RECURSO ESPECIAL Nº 1897166 - DF (2020/XXXXX-4)

RELATOR : MINISTRO MOURA RIBEIRO

RECORRENTE : I F DE Q A

ADVOGADOS : LUIZ FILIPE RIBEIRO COELHO - DF005297 CAROLINA NEDDERMEYER VON PARASKI - DF023426 NYCOLE REZENDE NAVARRO CANIZARES - DF062038

RECORRIDO : F M A

ADVOGADOS : FABRÍCIO CORREIA DE AQUINO - DF018486 AUGUSTO GOMES PEREIRA - DF031291 EDUARDO GUERRA DE ALMEIDA NEVES - DF046985 ROMILDO ROCHA E SILVA NETO - DF054544

EMENTA

CIVIL. AGRAVO EM RECURSO ESPECIAL MANEJADO NA ÉGIDE DO NCPC. NEGATIVA DE PRESTAÇÃO JURISDICIONAL NÃO CONFIGURADA. DESCONSIDERAÇÃO INVERSA DA PERSONALIDADE JURÍDICA. PRETENSÃO RECURSAL QUE É OBSTADA PELA SÚMULA Nº 7 DO STJ. RECURSO ESPECIAL NÃO CONHECIDO.

DECISÃO

Da leitura da minuta do agravo de instrumento que deu origem ao presente recurso infere-se que F. M. A. (F.) ajuizou ação de divórcio litigioso contra I. F. de Q. (I.), a qual ofereceu reconvenção, na qual requereu a desconsideração inversa da personalidade jurídica da empresa FREDERICO ATTIÉ NEGÓCIOS IMOBILIÁRIOS, da qual F. é sócio-administrador.

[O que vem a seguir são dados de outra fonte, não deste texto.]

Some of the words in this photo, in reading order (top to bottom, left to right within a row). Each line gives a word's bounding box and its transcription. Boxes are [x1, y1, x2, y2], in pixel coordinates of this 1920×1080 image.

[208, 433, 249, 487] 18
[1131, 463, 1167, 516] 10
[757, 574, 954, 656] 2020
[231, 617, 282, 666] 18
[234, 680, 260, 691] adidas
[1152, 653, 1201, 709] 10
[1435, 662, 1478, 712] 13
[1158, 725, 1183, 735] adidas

O pedido foi indeferido pelo Juízo da causa.

Essa interlocutória foi alvo de agravo de instrumento interposto por I., sob a alegação, em síntese, de que que seu ex-marido estaria ocultando parte do patrimônio acumulado pelo então casal na pessoa jurídica referida.

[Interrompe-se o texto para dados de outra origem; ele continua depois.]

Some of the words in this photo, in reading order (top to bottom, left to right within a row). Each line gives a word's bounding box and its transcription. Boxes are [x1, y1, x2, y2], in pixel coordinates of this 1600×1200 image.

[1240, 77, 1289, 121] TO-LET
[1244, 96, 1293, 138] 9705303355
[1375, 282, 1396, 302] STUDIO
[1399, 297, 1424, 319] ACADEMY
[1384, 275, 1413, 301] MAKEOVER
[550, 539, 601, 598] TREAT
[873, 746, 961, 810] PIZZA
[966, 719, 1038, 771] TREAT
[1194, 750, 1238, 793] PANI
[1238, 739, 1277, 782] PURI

O Tribunal de Justiça do Distrito Federal e dos Territórios negou provimento

ao recurso, nos termos do acórdão assim ementado:

AGRAVO DE INSTRUMENTO. CIVIL E PROCESSUAL CIVIL. AÇÃO DE DIVÓRCIO. INSTAURAÇÃO DE INCIDENTE DE DESCONSIDERAÇÃO INVERSA DA PERSONALIDADE JURÍDICA. ÍNDÍCIOS DE DESVIO DE FINALIDADE OU DE CONFUSÃO PATRIMONIAL NÃO DEMONSTRADOS. RECURSO CONHECIDO E DESPROVIDO.

1. Por força da excepcionalidade da medida, a instauração do incidente de desconsideração da personalidade jurídica é cabível tão somente se demonstrados indícios suficientes de desvio de finalidade ou de confusão patrimonial, nos termos do art. 134, § 4, do CPC.

2. A desconsideração inversa da personalidade jurídica constitui medida excepcional destinada a satisfazer dívida do sócio, por meio da responsabilização patrimonial da sociedade empresária a qual integra, desde que demonstrada a transferência irregular de valores para a pessoa jurídica com a finalidade de frustrar o direito dos credores.

3. Se não observados indícios suficientes de abuso da personalidade jurídica por meio da confusão patrimonial entre o bens do ex-consorte, ora agravado, e os de pessoa jurídica, cujo quadro societário, inclusive, é integrado pela própria parte agravante, não há falar em instauração do incidente de desconsideração inversa da personalidade jurídica, nos termos do art. 133 do CPC.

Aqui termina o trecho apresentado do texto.